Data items
* * * * * * *

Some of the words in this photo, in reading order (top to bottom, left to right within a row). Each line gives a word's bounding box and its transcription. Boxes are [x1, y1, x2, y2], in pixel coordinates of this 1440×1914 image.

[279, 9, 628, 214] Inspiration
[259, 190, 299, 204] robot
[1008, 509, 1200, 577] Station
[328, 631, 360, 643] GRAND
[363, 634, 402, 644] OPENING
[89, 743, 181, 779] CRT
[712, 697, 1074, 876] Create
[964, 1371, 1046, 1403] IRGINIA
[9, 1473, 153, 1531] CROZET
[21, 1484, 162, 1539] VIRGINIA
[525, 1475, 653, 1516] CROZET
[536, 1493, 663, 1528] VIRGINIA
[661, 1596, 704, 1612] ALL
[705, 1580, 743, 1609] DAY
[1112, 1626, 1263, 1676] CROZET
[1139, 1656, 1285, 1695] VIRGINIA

* * * * * * *

Go through the records above and repeat each one exactly.

Some of the words in this photo, in reading order (top to bottom, left to right within a row). Each line gives a word's bounding box and its transcription. Boxes are [x1, y1, x2, y2], in pixel coordinates of this 1440×1914 image.

[279, 9, 628, 214] Inspiration
[259, 190, 299, 204] robot
[1008, 509, 1200, 577] Station
[328, 631, 360, 643] GRAND
[363, 634, 402, 644] OPENING
[89, 743, 181, 779] CRT
[712, 697, 1074, 876] Create
[964, 1371, 1046, 1403] IRGINIA
[9, 1473, 153, 1531] CROZET
[21, 1484, 162, 1539] VIRGINIA
[525, 1475, 653, 1516] CROZET
[536, 1493, 663, 1528] VIRGINIA
[661, 1596, 704, 1612] ALL
[705, 1580, 743, 1609] DAY
[1112, 1626, 1263, 1676] CROZET
[1139, 1656, 1285, 1695] VIRGINIA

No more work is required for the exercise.